Coronavirus en Roumanie : un été entre augmentation des cas, insouciance et corona-scepticisme

Un des pays parmi lesquels l’inquiétude grandit c’est la Roumanie. Le pays compte à ce jour 45.902 cas et le nombre de cas positifs continue d’augmenter. Une inquiétude d’autant plus importante qu’en cette période estivale, les stations balnéaires sont prises d’assaut et les règles de distanciation sociale de plus en plus difficile à respecter. Et si les autorités tentent de serrer la vis, le message semble avoir de plus en plus de mal à passer. Par ailleurs, de plus en plus de Roumains affichent un scepticisme grandissant à l’égard du virus.

 

Affluence dans les stations balnéaires

Des plages noires de monde, à peine une petite place pour déposer sa serviette de plage.
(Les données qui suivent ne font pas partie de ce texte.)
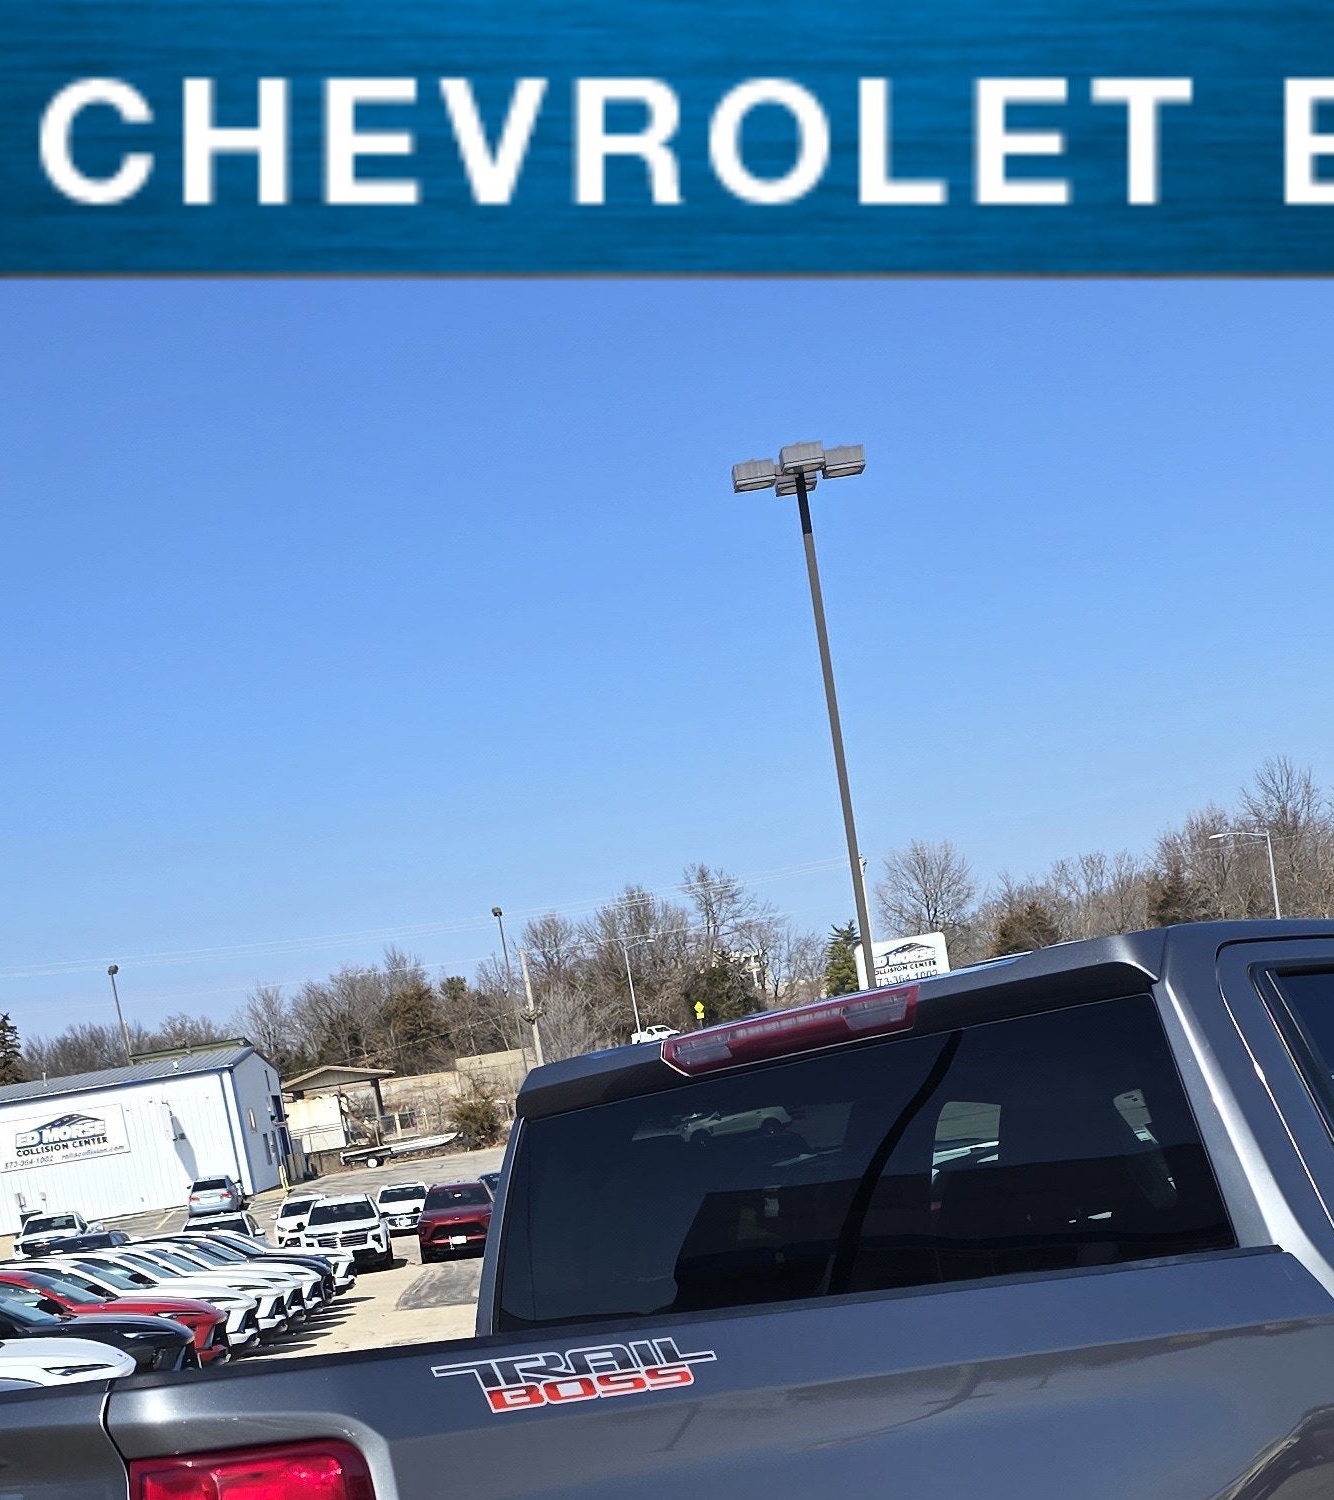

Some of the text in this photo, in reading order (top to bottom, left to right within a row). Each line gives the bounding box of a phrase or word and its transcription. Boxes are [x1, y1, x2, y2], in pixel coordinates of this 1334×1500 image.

Dans les stations balnéaires, en Roumanie, c’est la grande affluence. Résultat, il est quasi impossible de respecter la distanciation sociale ou encore les gestes barrières.

Pourtant les autorités roumaines ont bien tenté d’imposer de nouvelles mesures pour casser les chaînes de transmission. Des amendes pouvant aller jusqu’à 1000 euros en cas de non-respect des distanciations sociales ont été mises en place. Mais rien n’y fait. A l’inverse, les autorités semblent dépasser par l’influence.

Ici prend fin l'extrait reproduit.